Keywords: Oceans, Magic, Family, Bargains/Sacrifice, Rituals/Spells, Healing
Review: I like how the story reveals how magic works in this setting, how this mother is trying desperately to find a cure to a mysterious or otherwise terminal condition that her daughter has. What’s left to her is magic, and she goes about it boldly, without hesitation, both because she needs to in order to bring the proper respect and power to the ritual/spell and because if she doesn’t do it boldly, she might lose herself to the fear and doubt and panic creeping through her. The language is lovely, the imagery sharp, and the sense of mystery and power is definitely present and intriguing.

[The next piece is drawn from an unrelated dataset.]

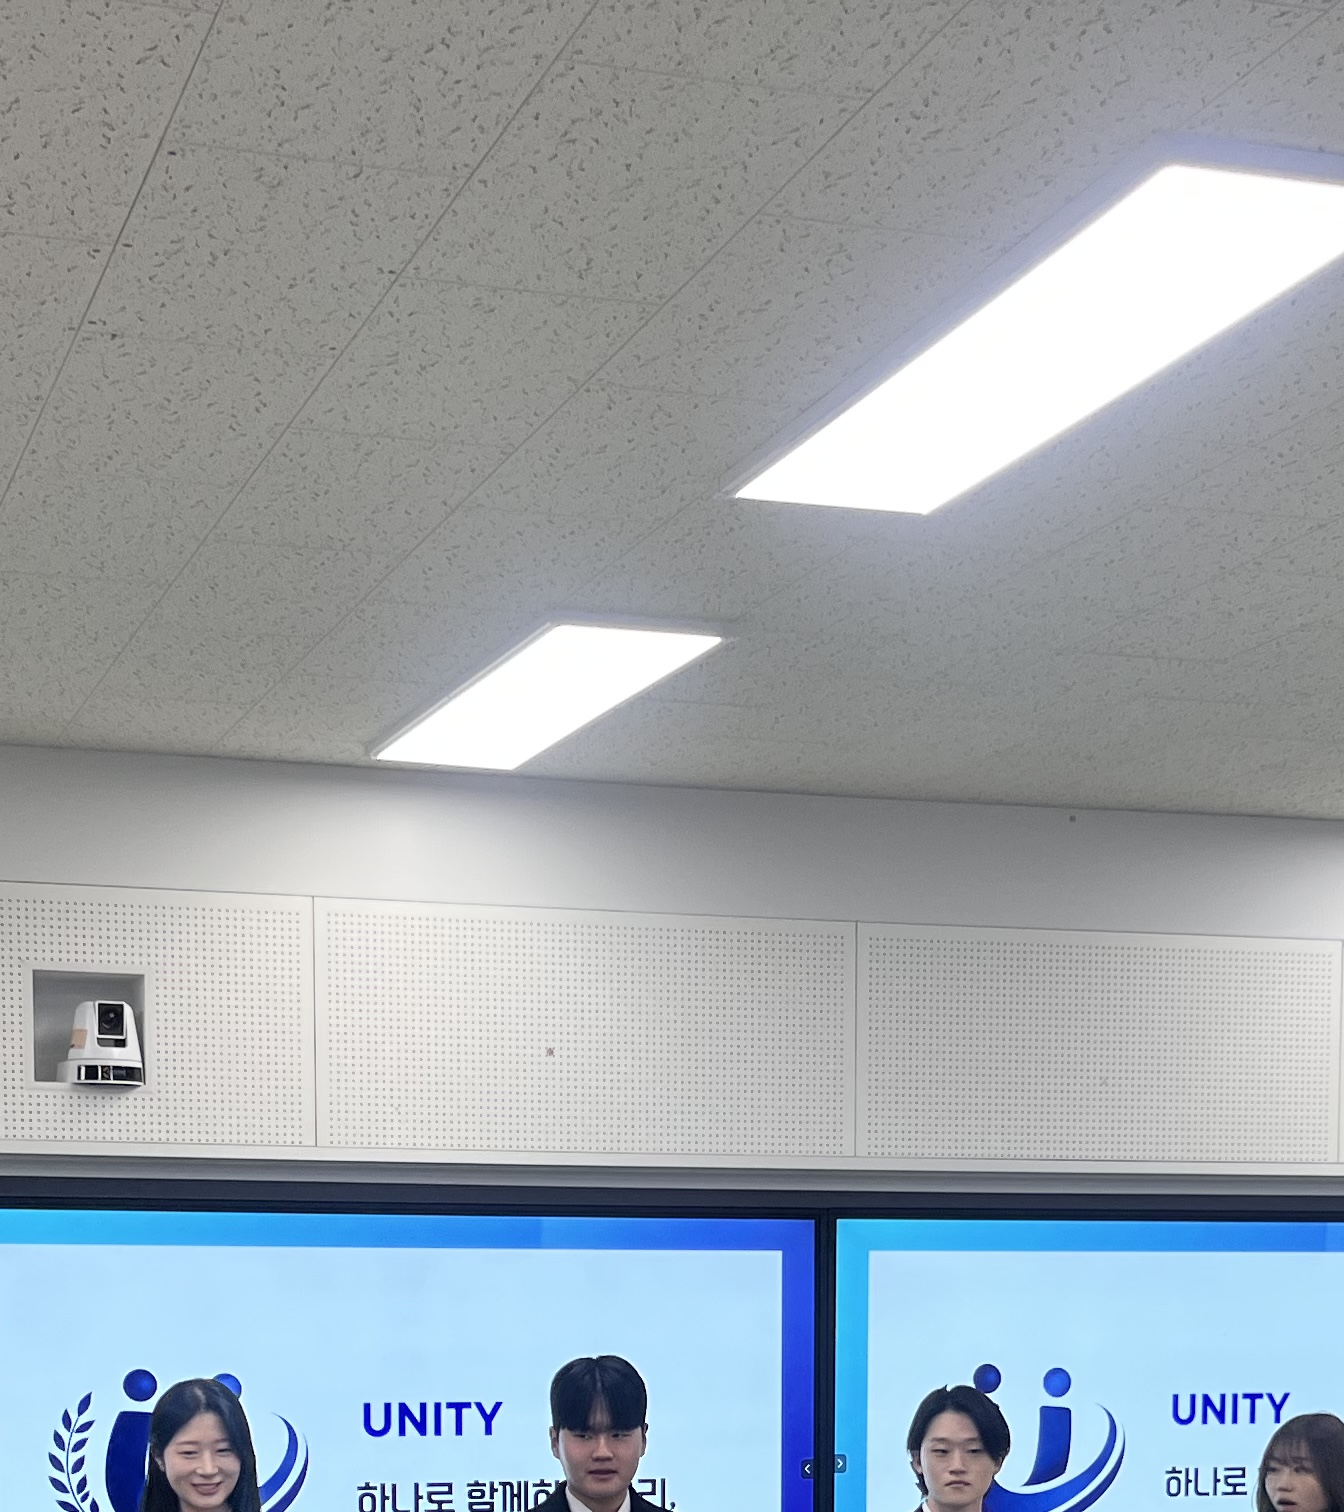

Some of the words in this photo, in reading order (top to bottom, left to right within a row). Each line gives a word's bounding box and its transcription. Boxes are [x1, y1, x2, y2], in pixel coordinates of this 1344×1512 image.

The relationship between Nora and her husband, Adrian, is also something I was interested by, as at first it seems to maybe not be the greatest. At least, there was a part of me expecting when he arrives on the scene that he’s a disruptive force, and might not have wanted to try something like a spell, something that goes along with rather traditional “magic as realm of the sacred feminine” witchery that is fairly pervasive. I rather like and appreciate that it’s not that he was against it, or even non-magical himself, that led to him being late to the party, but rather that Nora was trying to protect him from whatever sacrifice might be necessary to save their child. And I like that trying to do that might be her biggest mistake. Not because it means she needs a man but because it means that trying to take on that entire sacrifice is selfish precisely because it isn’t necessary. There are two of them, and they are better able to absorb the drain if they both work at it together, the efforts rewarded when they are able to both stand in willingness to give for their child and for each other. And it’s a lovely read and a great way to close out the issue!